Para o juiz Amarildo Carlos de Lima, do Tribunal Regional do Trabalho de Santa Catarina, Florianópolis (SC), o tema qualidade de vida perpassou os consultórios para chegar às barras da lei sob a forma de assédio moral. Segundo o magistrado, o próprio TRT catarinense vive o problema emocional da pressão e da cobrança exacerbada. “Existem situações em que os secretários de audiência abdicam da função pelo excesso de trabalho e cobrança. Alguns servidores estão tão traumatizados que basta ter o nome lembrado para substituir um colega e são capazes de entrar em pânico”, afirmou Lima à Brasileiros. A dificuldade no julgamento de casos envolvendo assédio moral é encontrar um diagnóstico que prove esses excessos de forma explícita. “Se um cortador de cana, o chamado boia-fria, morre de exaustão física, o fato pode ser facilmente detectado. Mas certamente será difícil reconhecer a situação de ‘exaustão psicológica’”, explicou o juiz. Para ele, o fundamental é que as estruturas empresariais estejam voltadas às pessoas, pois caso contrário “corre-se o risco de vivermos numa sociedade de doentes, onde o dano moral irá resultar de uma mutação maligna do gene até então conhecido como qualidade de vida”.

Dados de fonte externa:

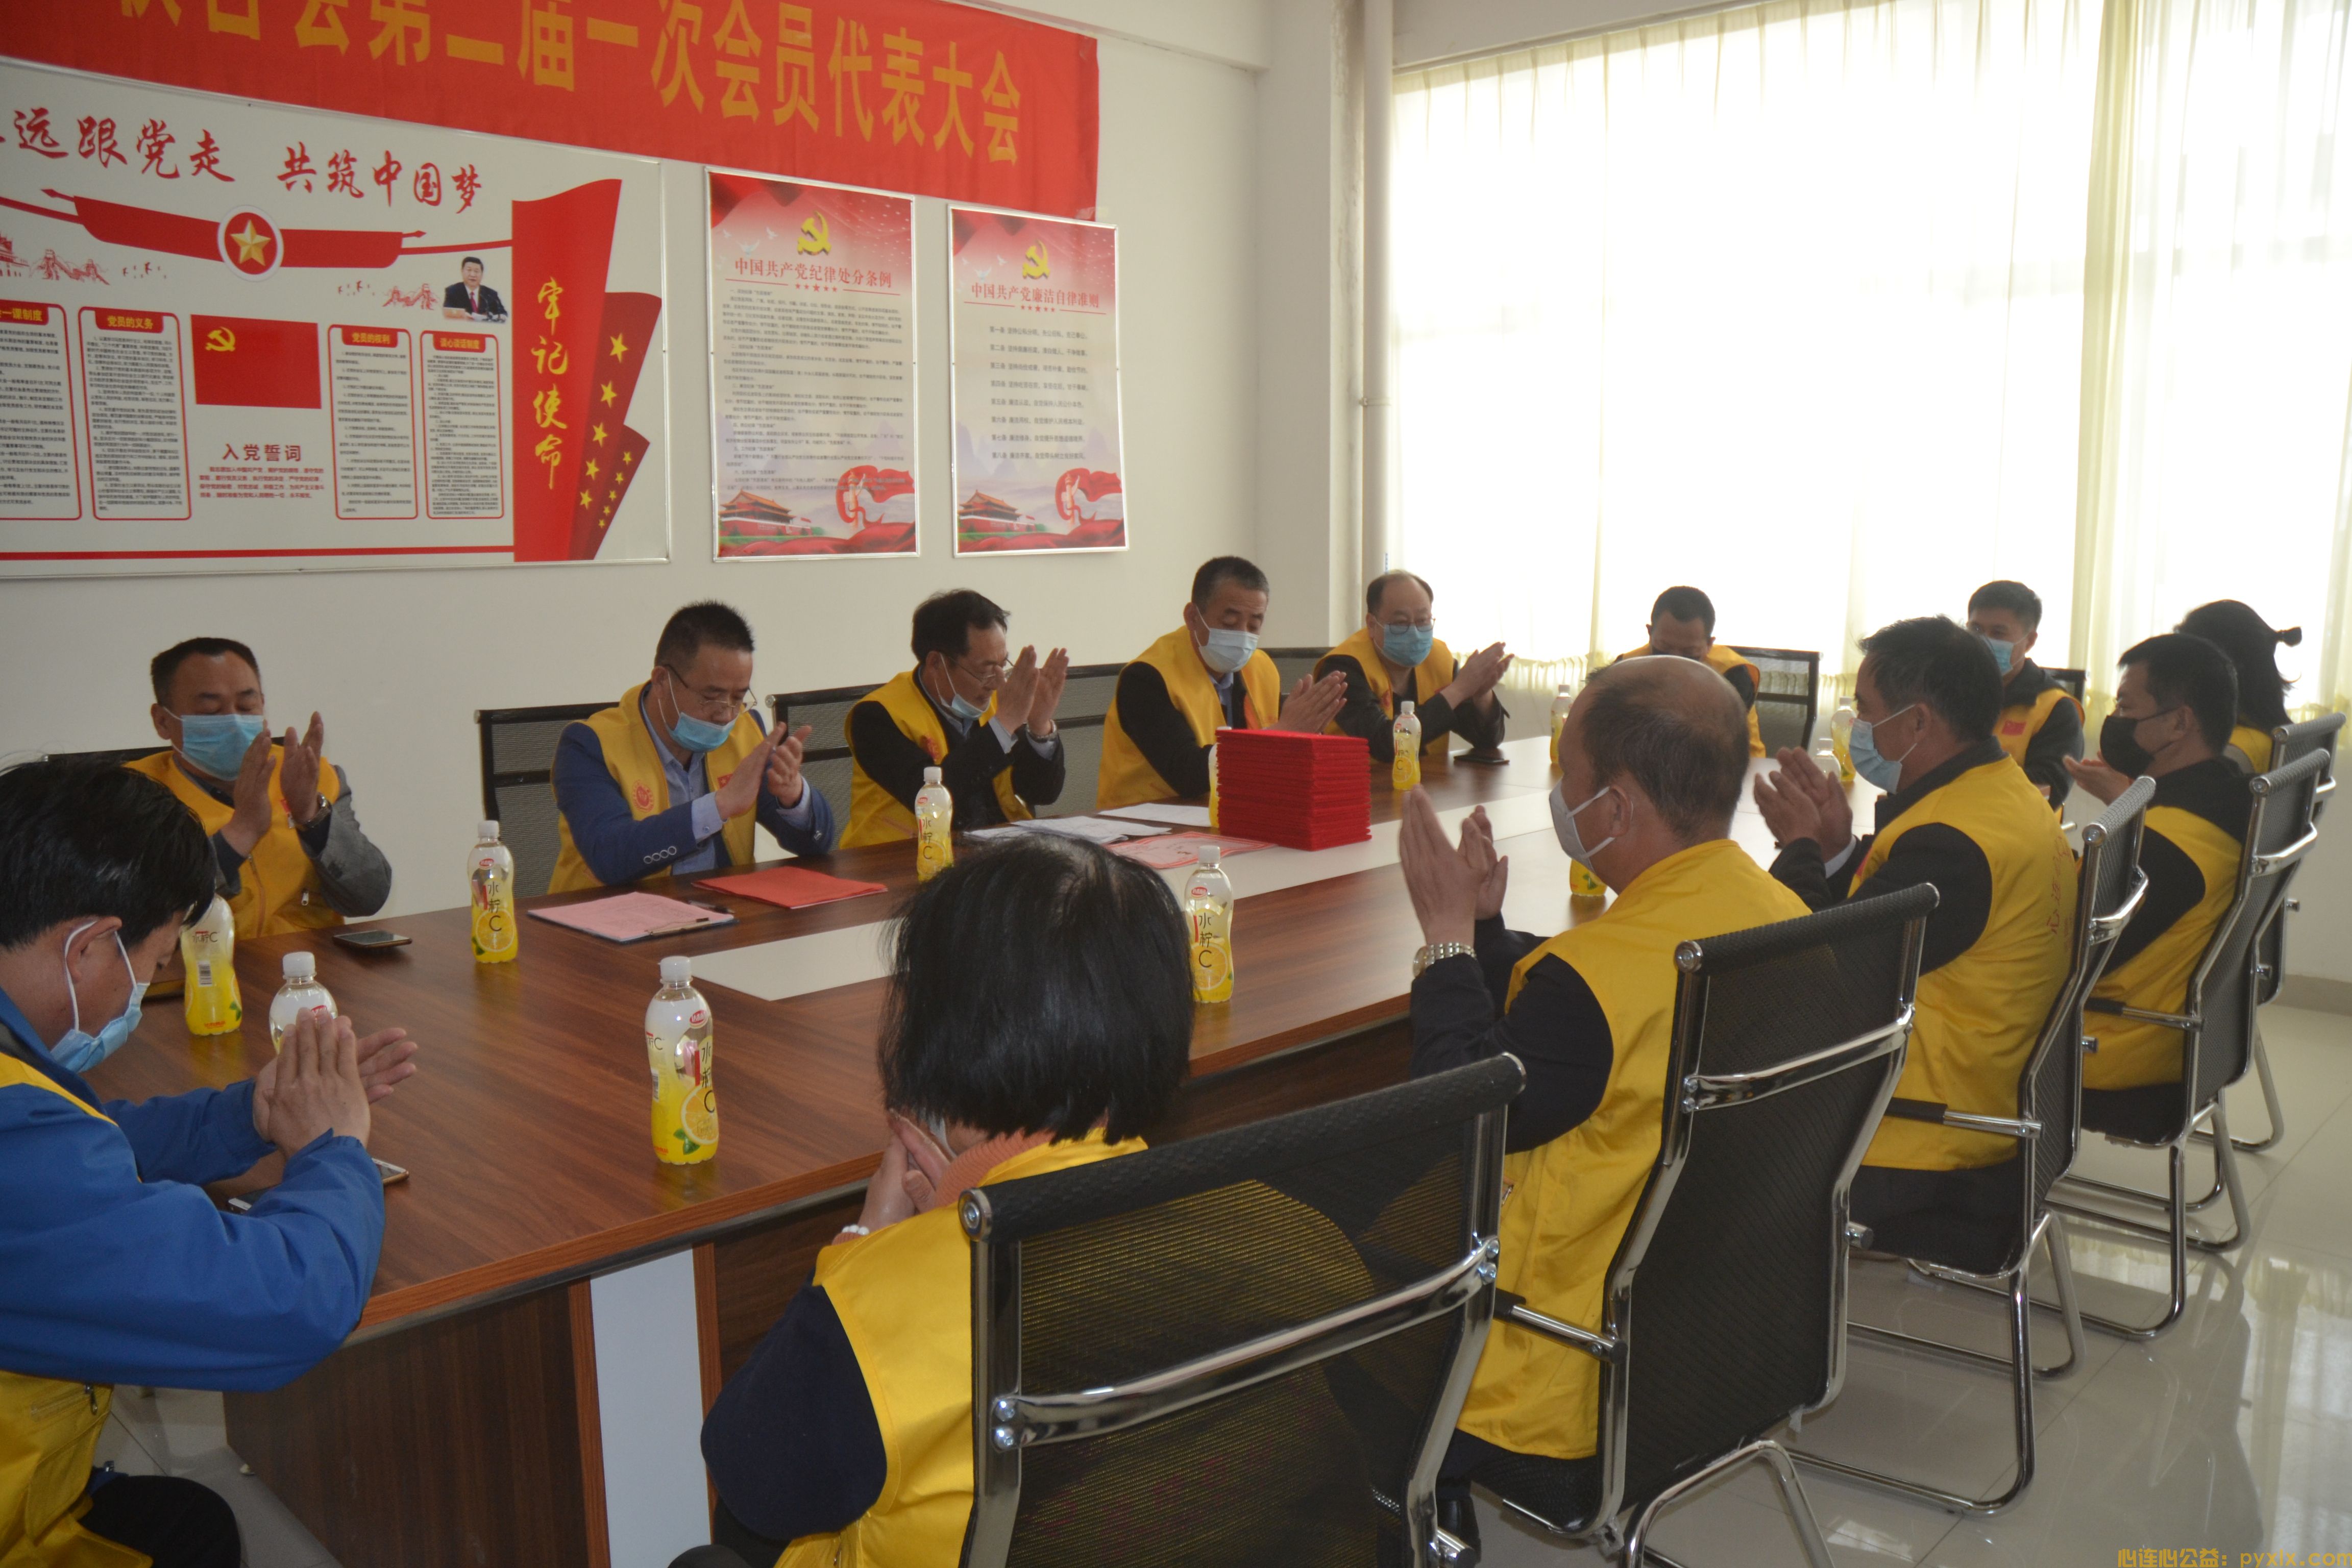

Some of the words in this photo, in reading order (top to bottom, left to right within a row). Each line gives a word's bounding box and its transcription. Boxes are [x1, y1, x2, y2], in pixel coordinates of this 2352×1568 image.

[121, 0, 1021, 166] 第届一次会员代表大会
[0, 107, 235, 182] 远跟党走
[277, 141, 481, 214] 共筑中国梦
[735, 257, 892, 288] 中国共产党纪律处分条例
[971, 282, 1099, 308] 中国共产党廉洁自律准则
[0, 307, 42, 322] 一课制度
[107, 315, 154, 330] 党员的义务
[352, 332, 391, 345] 党员的权利
[531, 277, 568, 489] 牢记使命
[223, 444, 301, 461] 入党誓词

Atualmente, já há uma conscientização coletiva de que nada poderá deter os avanços provocados pela revolução tecnológica. Negar o óbvio é uma missão não só suicida como pouco inteligente. No entanto, é preciso equilíbrio e bom senso para perceber que essas mudanças se dão por meio de pessoas, de gente e não por softwares. Se assim fosse, bastaria convocar um batalhão de robôs e tudo estaria resolvido. Nestes tempos modernos, a necessidade em tornar uma empresa cada vez mais competitiva a coloca frente a frente com uma realidade até então intangível, que deixou de ser apenas um modus operandi do processo para assumir a condição de garantidora de sua própria sobrevivência. Afinal, questiona Fukuyama, “irão as pessoas permanecer física e mentalmente vigorosas durante esses tempos de vida prolongados ou a sociedade ficará cada vez mais parecida com um sanatório gigante?”.

*Jornalista em Curitiba.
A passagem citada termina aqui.